━━━ SUPPLIED MATERIAL ━━━
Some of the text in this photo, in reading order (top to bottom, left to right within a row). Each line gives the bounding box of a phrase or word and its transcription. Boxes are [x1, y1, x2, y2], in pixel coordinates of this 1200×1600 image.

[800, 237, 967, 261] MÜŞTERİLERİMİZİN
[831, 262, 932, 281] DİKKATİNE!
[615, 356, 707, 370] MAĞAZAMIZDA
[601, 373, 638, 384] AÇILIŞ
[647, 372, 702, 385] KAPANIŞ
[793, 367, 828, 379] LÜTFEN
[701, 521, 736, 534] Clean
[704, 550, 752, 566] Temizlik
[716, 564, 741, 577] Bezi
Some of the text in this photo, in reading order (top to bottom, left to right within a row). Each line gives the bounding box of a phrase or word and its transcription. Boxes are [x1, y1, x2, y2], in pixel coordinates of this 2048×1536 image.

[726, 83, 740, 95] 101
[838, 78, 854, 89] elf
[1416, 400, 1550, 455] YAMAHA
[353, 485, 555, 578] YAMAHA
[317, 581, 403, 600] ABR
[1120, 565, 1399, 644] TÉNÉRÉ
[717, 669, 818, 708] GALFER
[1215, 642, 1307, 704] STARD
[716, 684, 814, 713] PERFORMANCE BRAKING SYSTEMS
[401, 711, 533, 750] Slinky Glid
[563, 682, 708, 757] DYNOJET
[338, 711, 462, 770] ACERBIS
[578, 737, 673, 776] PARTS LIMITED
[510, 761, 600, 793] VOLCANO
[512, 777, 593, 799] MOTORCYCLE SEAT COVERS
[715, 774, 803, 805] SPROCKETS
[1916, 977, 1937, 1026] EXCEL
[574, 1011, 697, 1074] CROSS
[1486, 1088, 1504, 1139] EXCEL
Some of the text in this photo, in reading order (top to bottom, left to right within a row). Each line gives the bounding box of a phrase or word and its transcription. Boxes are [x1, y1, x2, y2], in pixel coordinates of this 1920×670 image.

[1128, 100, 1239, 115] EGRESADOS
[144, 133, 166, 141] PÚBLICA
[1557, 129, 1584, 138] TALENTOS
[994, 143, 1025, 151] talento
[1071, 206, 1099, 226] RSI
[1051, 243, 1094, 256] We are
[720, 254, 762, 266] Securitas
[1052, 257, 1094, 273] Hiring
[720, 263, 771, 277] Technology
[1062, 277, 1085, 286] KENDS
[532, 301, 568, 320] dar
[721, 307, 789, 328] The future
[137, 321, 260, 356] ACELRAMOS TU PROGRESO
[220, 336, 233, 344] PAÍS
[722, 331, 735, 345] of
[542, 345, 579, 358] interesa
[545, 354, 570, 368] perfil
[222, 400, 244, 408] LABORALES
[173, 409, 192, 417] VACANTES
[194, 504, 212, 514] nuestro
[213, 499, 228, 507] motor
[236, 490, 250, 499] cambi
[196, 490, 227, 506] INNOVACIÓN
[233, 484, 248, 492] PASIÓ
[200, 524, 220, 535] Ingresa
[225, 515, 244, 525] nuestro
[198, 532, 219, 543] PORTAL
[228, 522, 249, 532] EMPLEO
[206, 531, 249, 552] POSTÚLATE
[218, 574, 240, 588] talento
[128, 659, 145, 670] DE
━━━
> _PROBLEM DETAILS_:
Transcribe every record above exactly as written.

> _RESPONSE FOR THIS EXERCISE_:
Some of the text in this photo, in reading order (top to bottom, left to right within a row). Each line gives the bounding box of a phrase or word and its transcription. Boxes are [x1, y1, x2, y2], in pixel coordinates of this 1200×1600 image.

[800, 237, 967, 261] MÜŞTERİLERİMİZİN
[831, 262, 932, 281] DİKKATİNE!
[615, 356, 707, 370] MAĞAZAMIZDA
[601, 373, 638, 384] AÇILIŞ
[647, 372, 702, 385] KAPANIŞ
[793, 367, 828, 379] LÜTFEN
[701, 521, 736, 534] Clean
[704, 550, 752, 566] Temizlik
[716, 564, 741, 577] Bezi
Some of the text in this photo, in reading order (top to bottom, left to right within a row). Each line gives the bounding box of a phrase or word and its transcription. Boxes are [x1, y1, x2, y2], in pixel coordinates of this 2048×1536 image.

[726, 83, 740, 95] 101
[838, 78, 854, 89] elf
[1416, 400, 1550, 455] YAMAHA
[353, 485, 555, 578] YAMAHA
[317, 581, 403, 600] ABR
[1120, 565, 1399, 644] TÉNÉRÉ
[717, 669, 818, 708] GALFER
[1215, 642, 1307, 704] STARD
[716, 684, 814, 713] PERFORMANCE BRAKING SYSTEMS
[401, 711, 533, 750] Slinky Glid
[563, 682, 708, 757] DYNOJET
[338, 711, 462, 770] ACERBIS
[578, 737, 673, 776] PARTS LIMITED
[510, 761, 600, 793] VOLCANO
[512, 777, 593, 799] MOTORCYCLE SEAT COVERS
[715, 774, 803, 805] SPROCKETS
[1916, 977, 1937, 1026] EXCEL
[574, 1011, 697, 1074] CROSS
[1486, 1088, 1504, 1139] EXCEL
Some of the text in this photo, in reading order (top to bottom, left to right within a row). Each line gives the bounding box of a phrase or word and its transcription. Boxes are [x1, y1, x2, y2], in pixel coordinates of this 1920×670 image.

[1128, 100, 1239, 115] EGRESADOS
[144, 133, 166, 141] PÚBLICA
[1557, 129, 1584, 138] TALENTOS
[994, 143, 1025, 151] talento
[1071, 206, 1099, 226] RSI
[1051, 243, 1094, 256] We are
[720, 254, 762, 266] Securitas
[1052, 257, 1094, 273] Hiring
[720, 263, 771, 277] Technology
[1062, 277, 1085, 286] KENDS
[532, 301, 568, 320] dar
[721, 307, 789, 328] The future
[137, 321, 260, 356] ACELRAMOS TU PROGRESO
[220, 336, 233, 344] PAÍS
[722, 331, 735, 345] of
[542, 345, 579, 358] interesa
[545, 354, 570, 368] perfil
[222, 400, 244, 408] LABORALES
[173, 409, 192, 417] VACANTES
[194, 504, 212, 514] nuestro
[213, 499, 228, 507] motor
[236, 490, 250, 499] cambi
[196, 490, 227, 506] INNOVACIÓN
[233, 484, 248, 492] PASIÓ
[200, 524, 220, 535] Ingresa
[225, 515, 244, 525] nuestro
[198, 532, 219, 543] PORTAL
[228, 522, 249, 532] EMPLEO
[206, 531, 249, 552] POSTÚLATE
[218, 574, 240, 588] talento
[128, 659, 145, 670] DE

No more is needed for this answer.